-- AVAILABLE RECORDS follows --

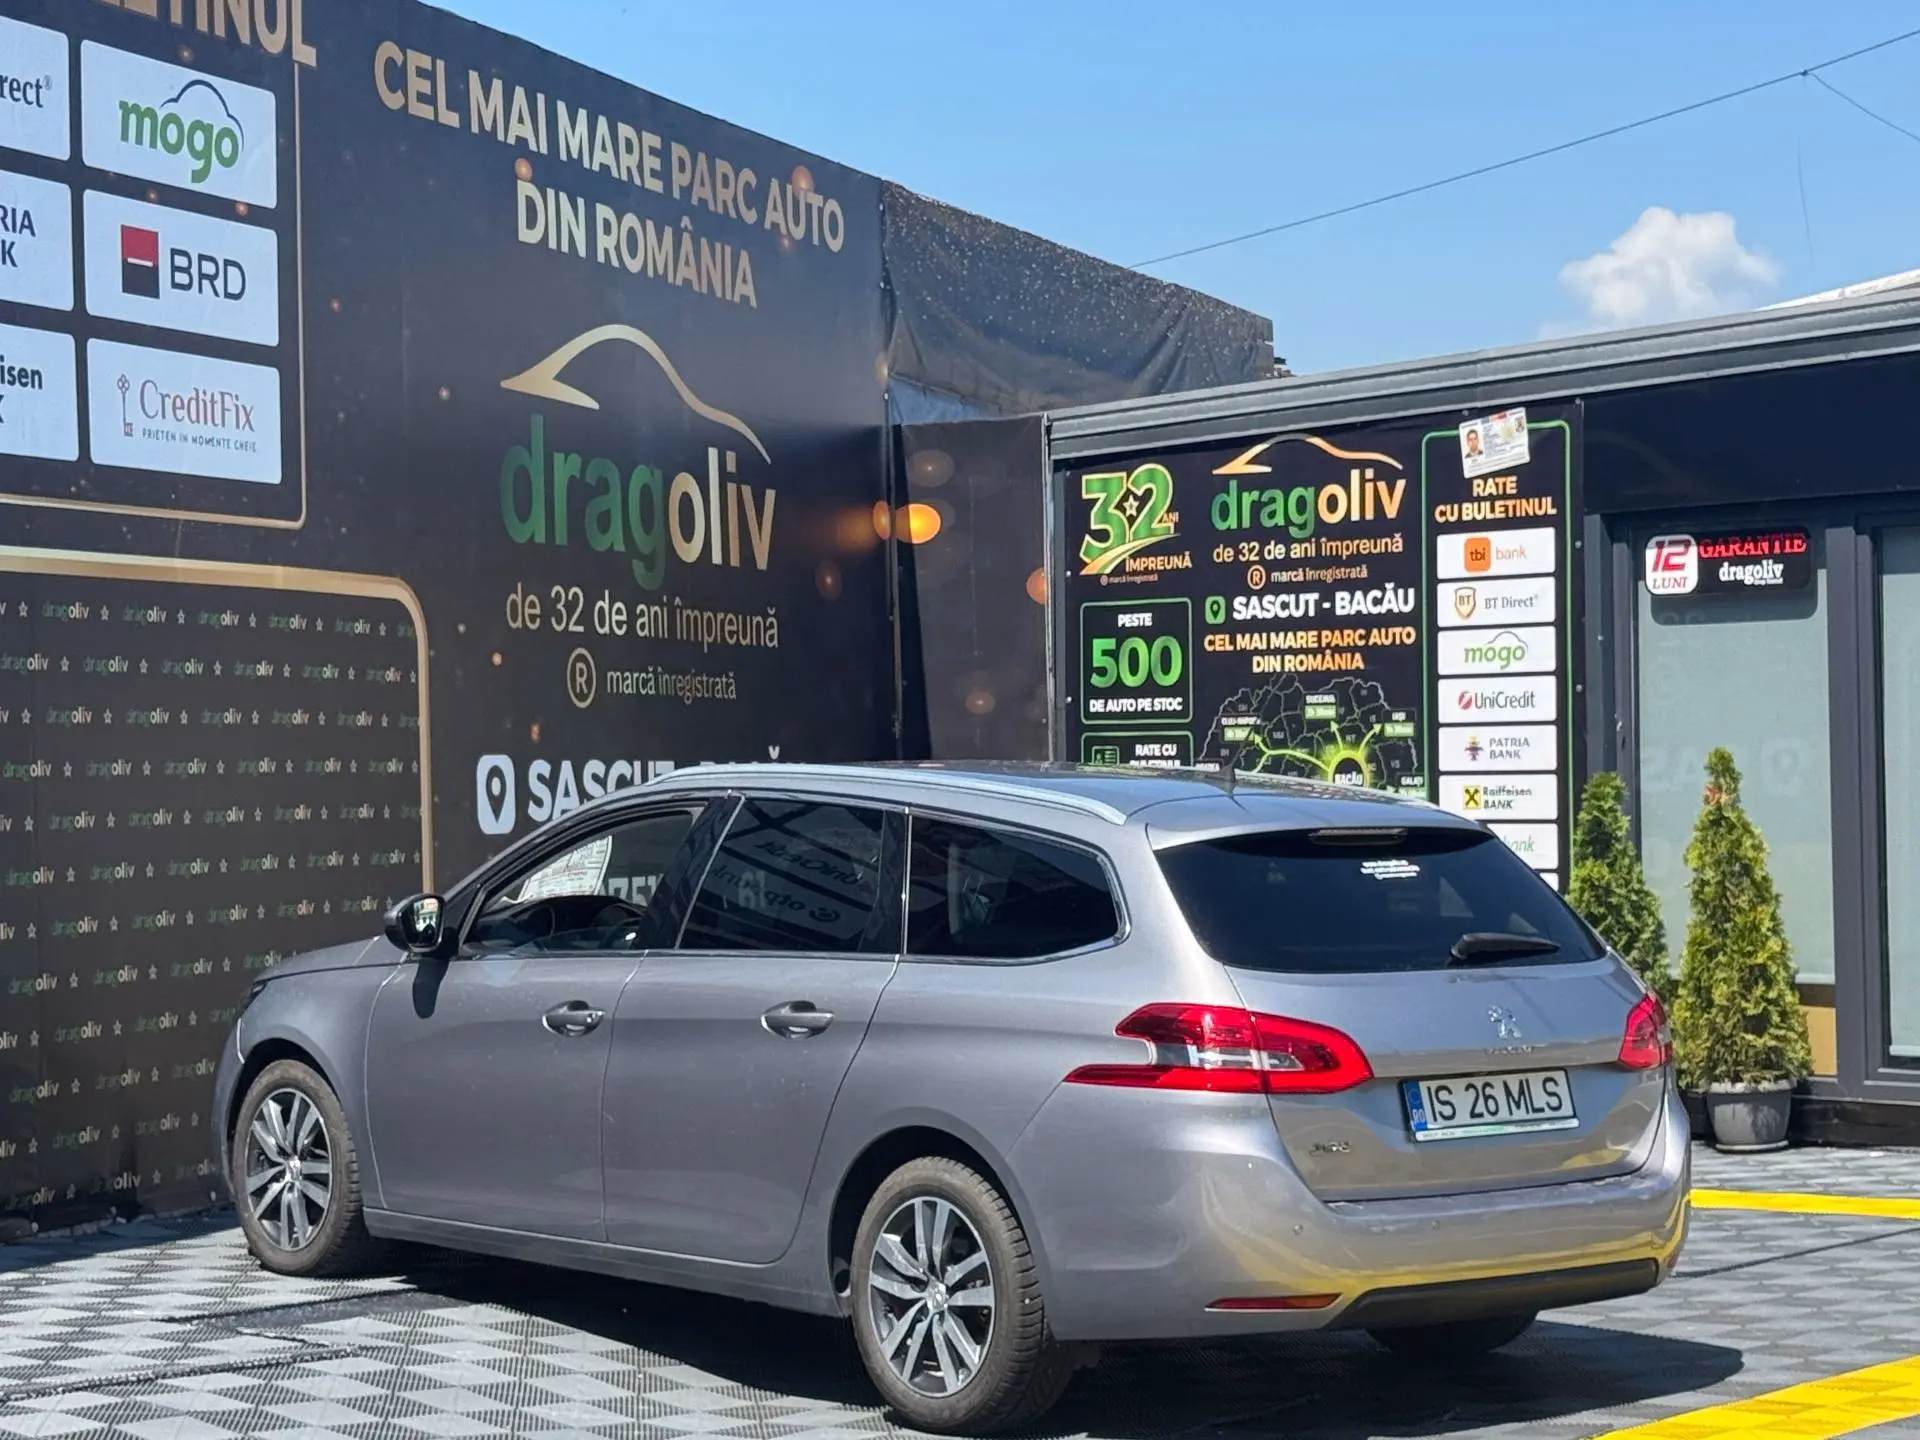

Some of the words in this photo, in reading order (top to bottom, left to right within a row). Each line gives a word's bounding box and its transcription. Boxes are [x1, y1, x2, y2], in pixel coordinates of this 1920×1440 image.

[119, 100, 239, 184] mogo
[374, 41, 460, 129] CEL
[468, 69, 547, 154] MAI
[557, 99, 663, 193] MARE
[671, 141, 758, 224] PARC
[765, 177, 844, 253] AUTO
[517, 179, 587, 258] DIN
[596, 202, 758, 309] ROMÂNIA
[169, 247, 246, 301] BRD
[140, 379, 255, 432] CreditFix
[1473, 476, 1518, 497] RATE
[502, 414, 777, 591] dragoliv
[1211, 467, 1407, 538] dragoliv
[1435, 505, 1458, 522] CU
[1462, 497, 1557, 520] BULETINUL
[1213, 544, 1234, 563] de
[1239, 542, 1259, 561] 32
[1264, 539, 1286, 560] de
[1290, 538, 1316, 558] ani
[1320, 533, 1403, 560] împreună
[1470, 548, 1486, 562] tbi
[1496, 545, 1527, 560] bank
[1652, 539, 1692, 573] 12
[1271, 567, 1304, 583] marcă
[1305, 565, 1368, 583] înregistrată
[1653, 576, 1688, 590] LUNI
[1719, 559, 1784, 586] dragoliv
[1232, 593, 1319, 620] SASCUT
[1335, 582, 1416, 616] BACĂU
[1485, 597, 1498, 609] BT
[506, 582, 541, 631] de
[551, 585, 585, 633] 32
[594, 590, 628, 637] de
[636, 595, 668, 640] ani
[674, 596, 779, 653] împreună
[1118, 612, 1153, 628] PESTE
[1204, 632, 1234, 651] CEL
[1237, 631, 1267, 650] MAI
[1270, 629, 1319, 650] MARE
[1321, 629, 1366, 648] PARC
[1369, 626, 1416, 646] AUTO
[1090, 635, 1183, 689] 500
[1253, 655, 1285, 673] DIN
[1287, 650, 1364, 672] ROMÂNIA
[1464, 644, 1526, 670] mogo
[606, 666, 656, 696] marcă
[658, 666, 737, 705] înregistrată
[1089, 700, 1107, 713] DE
[1107, 699, 1137, 712] AUTO
[1138, 699, 1153, 711] PE
[1154, 697, 1183, 711] STOC
[1475, 691, 1535, 710] UniCredit
[1135, 743, 1161, 756] RATE
[1162, 743, 1177, 756] CU
[1489, 737, 1530, 748] PATRIA
[1489, 748, 1521, 760] BANK
[1483, 786, 1532, 796] Raiffeisen
[1483, 800, 1513, 809] BANK
[1427, 1085, 1456, 1122] IS
[1464, 1081, 1500, 1120] 26
[1503, 1076, 1564, 1118] MLS

-- AVAILABLE RECORDS concluded --

▸ WORK INSTRUCTION:
Retype the full listing above precisely. Exclude each picture you find in it.

▸ TASK RESPONSE:
Some of the words in this photo, in reading order (top to bottom, left to right within a row). Each line gives a word's bounding box and its transcription. Boxes are [x1, y1, x2, y2], in pixel coordinates of this 1920×1440 image.

[119, 100, 239, 184] mogo
[374, 41, 460, 129] CEL
[468, 69, 547, 154] MAI
[557, 99, 663, 193] MARE
[671, 141, 758, 224] PARC
[765, 177, 844, 253] AUTO
[517, 179, 587, 258] DIN
[596, 202, 758, 309] ROMÂNIA
[169, 247, 246, 301] BRD
[140, 379, 255, 432] CreditFix
[1473, 476, 1518, 497] RATE
[502, 414, 777, 591] dragoliv
[1211, 467, 1407, 538] dragoliv
[1435, 505, 1458, 522] CU
[1462, 497, 1557, 520] BULETINUL
[1213, 544, 1234, 563] de
[1239, 542, 1259, 561] 32
[1264, 539, 1286, 560] de
[1290, 538, 1316, 558] ani
[1320, 533, 1403, 560] împreună
[1470, 548, 1486, 562] tbi
[1496, 545, 1527, 560] bank
[1652, 539, 1692, 573] 12
[1271, 567, 1304, 583] marcă
[1305, 565, 1368, 583] înregistrată
[1653, 576, 1688, 590] LUNI
[1719, 559, 1784, 586] dragoliv
[1232, 593, 1319, 620] SASCUT
[1335, 582, 1416, 616] BACĂU
[1485, 597, 1498, 609] BT
[506, 582, 541, 631] de
[551, 585, 585, 633] 32
[594, 590, 628, 637] de
[636, 595, 668, 640] ani
[674, 596, 779, 653] împreună
[1118, 612, 1153, 628] PESTE
[1204, 632, 1234, 651] CEL
[1237, 631, 1267, 650] MAI
[1270, 629, 1319, 650] MARE
[1321, 629, 1366, 648] PARC
[1369, 626, 1416, 646] AUTO
[1090, 635, 1183, 689] 500
[1253, 655, 1285, 673] DIN
[1287, 650, 1364, 672] ROMÂNIA
[1464, 644, 1526, 670] mogo
[606, 666, 656, 696] marcă
[658, 666, 737, 705] înregistrată
[1089, 700, 1107, 713] DE
[1107, 699, 1137, 712] AUTO
[1138, 699, 1153, 711] PE
[1154, 697, 1183, 711] STOC
[1475, 691, 1535, 710] UniCredit
[1135, 743, 1161, 756] RATE
[1162, 743, 1177, 756] CU
[1489, 737, 1530, 748] PATRIA
[1489, 748, 1521, 760] BANK
[1483, 786, 1532, 796] Raiffeisen
[1483, 800, 1513, 809] BANK
[1427, 1085, 1456, 1122] IS
[1464, 1081, 1500, 1120] 26
[1503, 1076, 1564, 1118] MLS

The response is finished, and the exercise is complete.